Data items
== == ==
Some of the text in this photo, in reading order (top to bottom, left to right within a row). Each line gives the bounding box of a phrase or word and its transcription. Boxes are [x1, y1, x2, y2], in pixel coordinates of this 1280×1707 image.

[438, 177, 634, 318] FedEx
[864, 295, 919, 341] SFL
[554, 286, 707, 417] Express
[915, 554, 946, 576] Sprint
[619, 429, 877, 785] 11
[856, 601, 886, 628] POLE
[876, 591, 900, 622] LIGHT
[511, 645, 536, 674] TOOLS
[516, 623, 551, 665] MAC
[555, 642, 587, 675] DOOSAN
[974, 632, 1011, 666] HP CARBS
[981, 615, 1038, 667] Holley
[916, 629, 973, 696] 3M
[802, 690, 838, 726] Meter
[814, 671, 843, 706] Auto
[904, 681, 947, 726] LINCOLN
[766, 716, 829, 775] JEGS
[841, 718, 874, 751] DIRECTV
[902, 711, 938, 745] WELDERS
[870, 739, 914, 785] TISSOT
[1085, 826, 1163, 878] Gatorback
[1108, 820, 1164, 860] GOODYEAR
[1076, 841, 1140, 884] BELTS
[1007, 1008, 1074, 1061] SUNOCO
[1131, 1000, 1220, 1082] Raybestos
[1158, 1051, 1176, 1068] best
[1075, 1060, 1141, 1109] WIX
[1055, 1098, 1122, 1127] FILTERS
== == ==
» WHAT TO PRODUCE
From the data above, extract every line in its exact form.

» EXERCISE RESPONSE
Some of the text in this photo, in reading order (top to bottom, left to right within a row). Each line gives the bounding box of a phrase or word and its transcription. Boxes are [x1, y1, x2, y2], in pixel coordinates of this 1280×1707 image.

[438, 177, 634, 318] FedEx
[864, 295, 919, 341] SFL
[554, 286, 707, 417] Express
[915, 554, 946, 576] Sprint
[619, 429, 877, 785] 11
[856, 601, 886, 628] POLE
[876, 591, 900, 622] LIGHT
[511, 645, 536, 674] TOOLS
[516, 623, 551, 665] MAC
[555, 642, 587, 675] DOOSAN
[974, 632, 1011, 666] HP CARBS
[981, 615, 1038, 667] Holley
[916, 629, 973, 696] 3M
[802, 690, 838, 726] Meter
[814, 671, 843, 706] Auto
[904, 681, 947, 726] LINCOLN
[766, 716, 829, 775] JEGS
[841, 718, 874, 751] DIRECTV
[902, 711, 938, 745] WELDERS
[870, 739, 914, 785] TISSOT
[1085, 826, 1163, 878] Gatorback
[1108, 820, 1164, 860] GOODYEAR
[1076, 841, 1140, 884] BELTS
[1007, 1008, 1074, 1061] SUNOCO
[1131, 1000, 1220, 1082] Raybestos
[1158, 1051, 1176, 1068] best
[1075, 1060, 1141, 1109] WIX
[1055, 1098, 1122, 1127] FILTERS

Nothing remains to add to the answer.